If a little extra radiation is good for you, what optimum dose should our local health-food store recommend? Work reported from Japan puts it roughly at two "millirems," per day. That's about a tenth of a dental X-ray, or one coast-to-coast jet flight, or a year's worth of standing beside a nuclear plant. For comparison, the level where the net effect becomes harmful is around two rems per day; 50 (note, we're talking rems now, not millirems) causes chronic radiation sickness; 100 is lethal.

Perhaps tablets for those who don't get enough regular exposure wouldn't be a bad idea. A good way to use radioactive waste might be to bury it under radon-deficient homes. And perhaps cereal manufacturers should be required to state on their boxes the percentage of the daily dietary requirement that a portion of their product contributes. After all, if radiation is essential for health in minimum, regular amounts, it meets the accepted definition of a vitamin!

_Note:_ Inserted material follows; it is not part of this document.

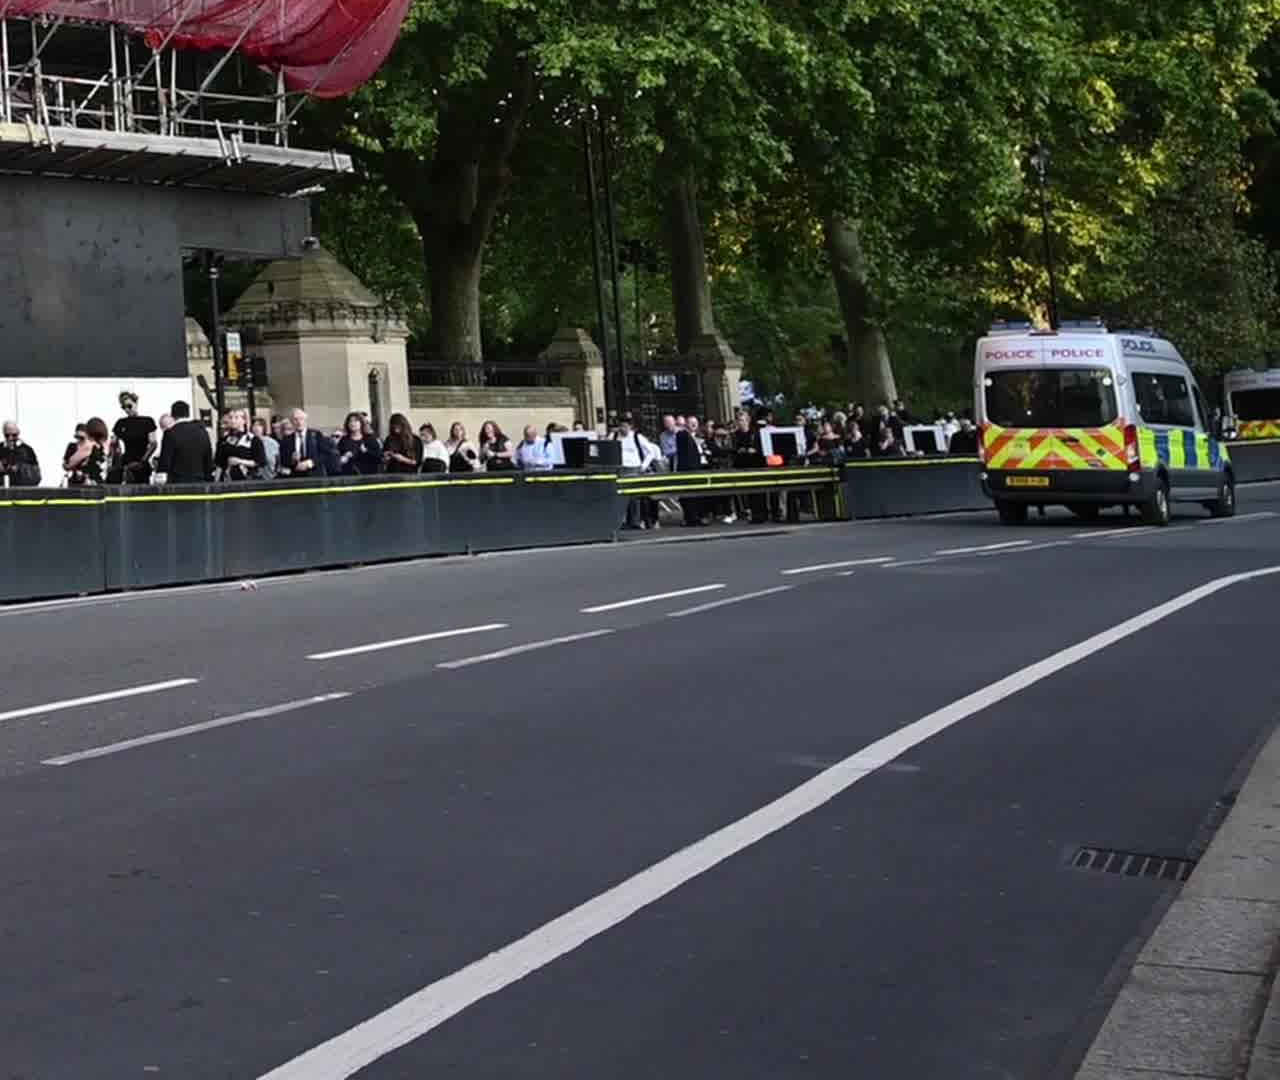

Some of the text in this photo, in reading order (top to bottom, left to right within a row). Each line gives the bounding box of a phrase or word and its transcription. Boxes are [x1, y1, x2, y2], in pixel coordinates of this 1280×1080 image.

[1120, 338, 1156, 353] POLICE
[985, 349, 1036, 360] POLICE
[1051, 348, 1104, 358] POLICE

As a further note to put things in perspective, her are some figures comparing radiation exposures experienced by the average American from various sources, natural and man-made.

Annual estimated doses in millirems per year:

Ground under your feet60
Cosmic rays40
Bodily internal (potassium & carbon)25
Food and water intake22
Weapons fallout5
Air you breathe2
Coast-coast jet flight2
Nuclear industry0.01

All rocks contain traces of uranium. Radiation from the granite used in Grand Central Station exceeds the NRC limits for nuclear-plant operation. Grand Central Station wouldn't get a license as a nuclear plant. Neither would the piers of the harbor at Dun Laoghaire, near where I live in Ireland.